[Stored items from a collection]
*****

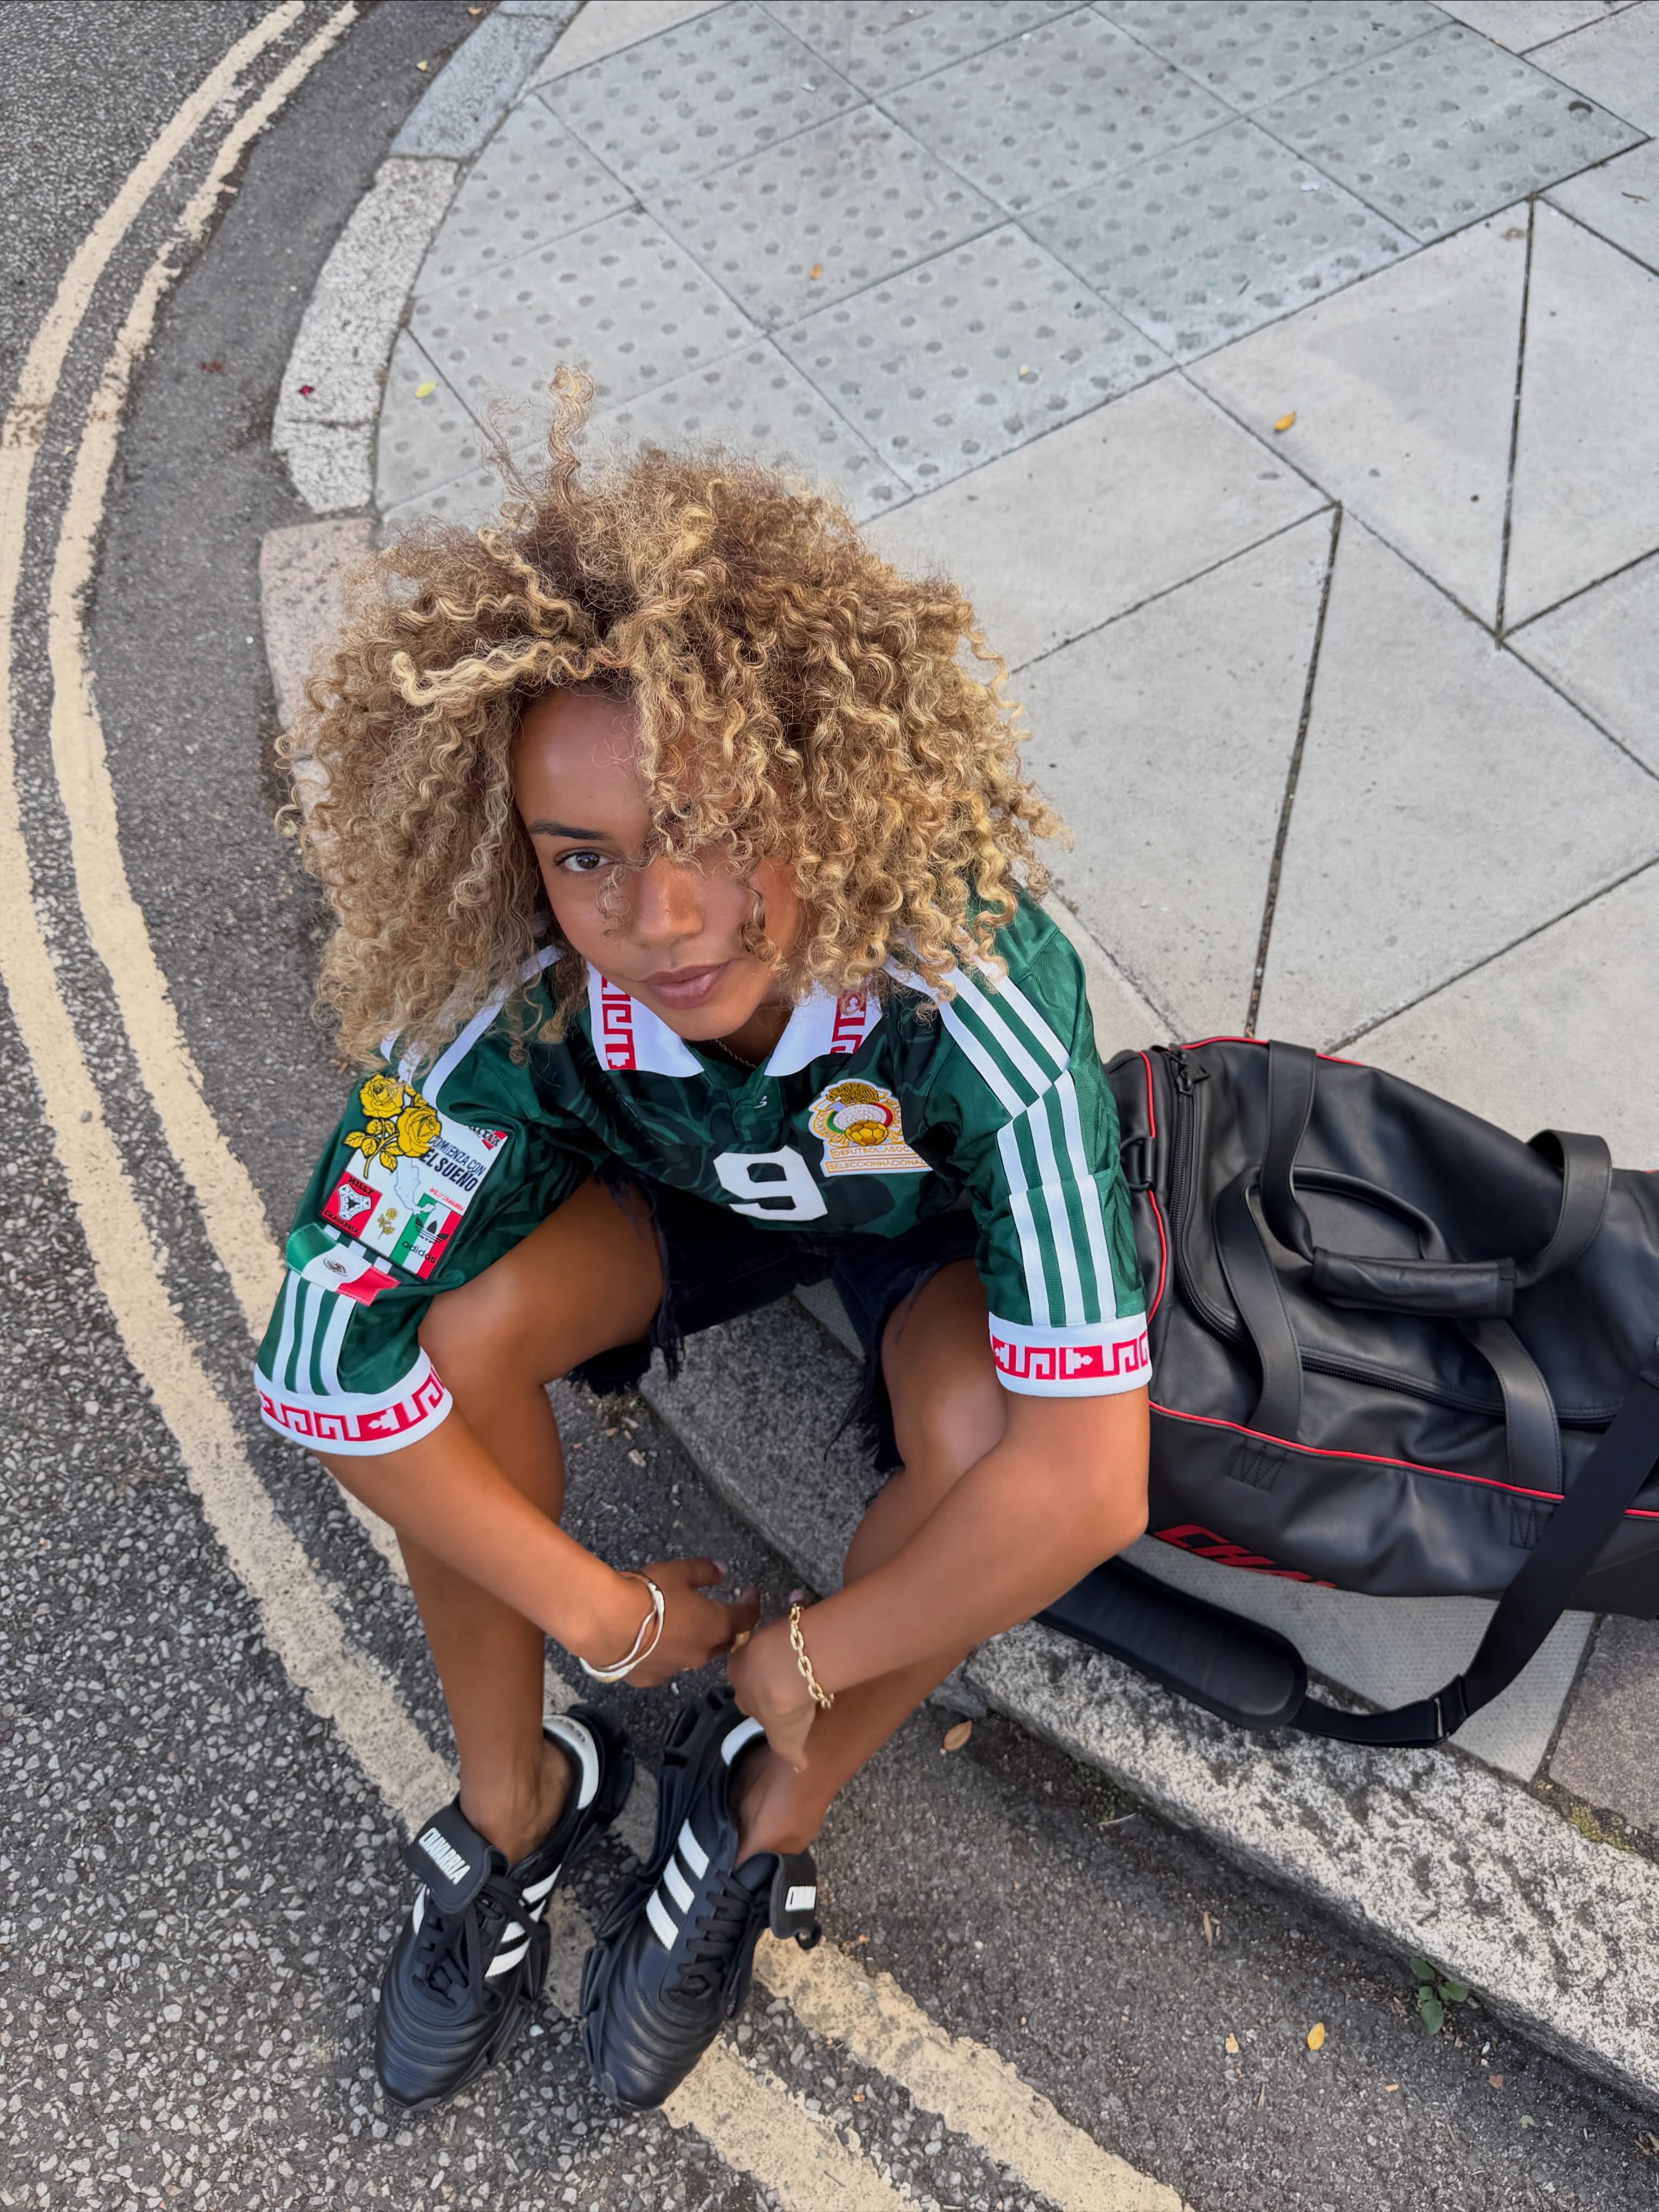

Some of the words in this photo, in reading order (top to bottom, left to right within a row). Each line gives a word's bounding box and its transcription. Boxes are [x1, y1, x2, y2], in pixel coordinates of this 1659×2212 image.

[419, 1148, 439, 1168] EL
[427, 1135, 470, 1166] COMIENZA
[467, 1159, 486, 1177] CON
[713, 1145, 828, 1221] 9
[402, 1240, 436, 1264] adidas
[419, 1827, 471, 1885] CHAVARRIA

*****

• _How to complete this task_
Every record, from top to bottom, gets written out exactly; no picture goes into the copy.

• _Response area_
Some of the words in this photo, in reading order (top to bottom, left to right within a row). Each line gives a word's bounding box and its transcription. Boxes are [x1, y1, x2, y2], in pixel coordinates of this 1659×2212 image.

[419, 1148, 439, 1168] EL
[427, 1135, 470, 1166] COMIENZA
[467, 1159, 486, 1177] CON
[713, 1145, 828, 1221] 9
[402, 1240, 436, 1264] adidas
[419, 1827, 471, 1885] CHAVARRIA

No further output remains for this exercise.